FARE (Food Allergy Research & Education), a nonprofit dedicated to food allergy awareness, is hosting a screening of That Bites! in Wilmette at 5:30 pm on Thursday, April 16. Proceeds from the event will go to FARE.
In 2000, responding to a rise in food allergies in children, the American Academy of Pediatrics recommended that parents avoid feeding peanuts to children at risk of developing an allergy.
“That was exactly the wrong thing to do,” said Cathryn Nagler, a professor of pathology and medicine at The University of Chicago. In fact, a recent study published last month found that introducing peanuts into infant diets actually decreased the chance of allergies.
Four in every 100 American children have a food allergy, a rate that’s increased by 50 percent from 1997 to 2011, according to the Centers for Disease Control and Prevention. The top culprits are milk, eggs, peanuts, tree nuts (cashews, almonds, etc.), soy, wheat, fish and shellfish.
While treatments like the EpiPen help stop allergic reactions, the nonprofit FARE (Food Allergy Research & Education) is hoping to find more permanent treatments, starting with the source.
Though the exact cause of food allergies is unknown, researchers suspect it’s linked to the relationship we have to the bacteria in our guts. That relationship has been disturbed by the widespread use of antibiotics and anti-microbials in food and water, in treating viral infections, and in soap, said Nagler, who has received support from FARE.
The discovery suggests that food allergies, like diabetes and obesity, are a “disease of Western lifestyle,” according to Nagler. And the revelation has caught on, leading to claims that probiotics like yogurt and kefir can reverse food allergies. But unfortunately, bacteria-rich foods don’t quite cut it.
“Everything you can buy in your Whole Foods does nothing. Eating a few spoons of yogurt may make you feel better but it’s a drop in the bucket [in terms of altering bacteria in your gut],” Nagler said.
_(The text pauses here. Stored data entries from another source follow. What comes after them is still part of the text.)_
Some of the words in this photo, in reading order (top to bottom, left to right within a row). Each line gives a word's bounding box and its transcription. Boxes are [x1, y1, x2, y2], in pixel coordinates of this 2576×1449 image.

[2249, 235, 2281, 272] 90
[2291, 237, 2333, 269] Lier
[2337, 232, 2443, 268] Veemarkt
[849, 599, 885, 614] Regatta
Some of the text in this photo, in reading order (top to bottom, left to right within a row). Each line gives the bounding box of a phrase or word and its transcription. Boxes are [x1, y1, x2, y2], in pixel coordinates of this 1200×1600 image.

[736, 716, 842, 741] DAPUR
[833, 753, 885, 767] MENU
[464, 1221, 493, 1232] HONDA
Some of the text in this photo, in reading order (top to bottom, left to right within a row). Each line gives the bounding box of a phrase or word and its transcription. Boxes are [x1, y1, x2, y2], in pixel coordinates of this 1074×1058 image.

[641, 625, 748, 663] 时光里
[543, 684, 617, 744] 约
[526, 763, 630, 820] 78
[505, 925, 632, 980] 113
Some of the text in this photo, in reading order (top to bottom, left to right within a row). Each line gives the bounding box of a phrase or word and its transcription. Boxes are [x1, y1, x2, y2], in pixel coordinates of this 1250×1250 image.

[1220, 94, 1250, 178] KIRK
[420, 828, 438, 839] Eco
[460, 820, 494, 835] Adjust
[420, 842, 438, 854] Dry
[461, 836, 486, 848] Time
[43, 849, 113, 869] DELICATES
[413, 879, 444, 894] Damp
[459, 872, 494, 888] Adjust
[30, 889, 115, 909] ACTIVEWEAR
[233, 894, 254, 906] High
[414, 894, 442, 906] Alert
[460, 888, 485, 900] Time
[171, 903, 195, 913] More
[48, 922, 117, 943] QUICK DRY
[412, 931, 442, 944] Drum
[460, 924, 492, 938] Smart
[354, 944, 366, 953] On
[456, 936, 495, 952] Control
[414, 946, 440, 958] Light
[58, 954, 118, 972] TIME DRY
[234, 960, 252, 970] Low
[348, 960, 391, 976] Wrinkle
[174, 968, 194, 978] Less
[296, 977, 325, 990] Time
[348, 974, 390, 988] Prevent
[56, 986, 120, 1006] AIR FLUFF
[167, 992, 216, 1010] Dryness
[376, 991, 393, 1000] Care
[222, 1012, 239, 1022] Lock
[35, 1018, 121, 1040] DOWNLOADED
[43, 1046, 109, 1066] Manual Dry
The type of bacteria that protects against food allergies – one that Nagler and her team discovered last year -- can’t be found on the market yet, though efforts to manufacture products containing it are in development.
Other products currently being tested include anti-IgE treatment, which blocks antibodies from setting off an allergic reaction, and oral immunotherapy, which slowly desensitizes the patient by giving him/her increasing doses of a food allergen.
But all of these methods will only go so far in sterile environments.
“We have to pair lifestyle changes with intervention,” said Nagler. “Continuing the use of antibiotics for viral infections has to stop. Reducing the use of antibacterial soap and eating more fiber are all prevention methods we can and should start to adapt.”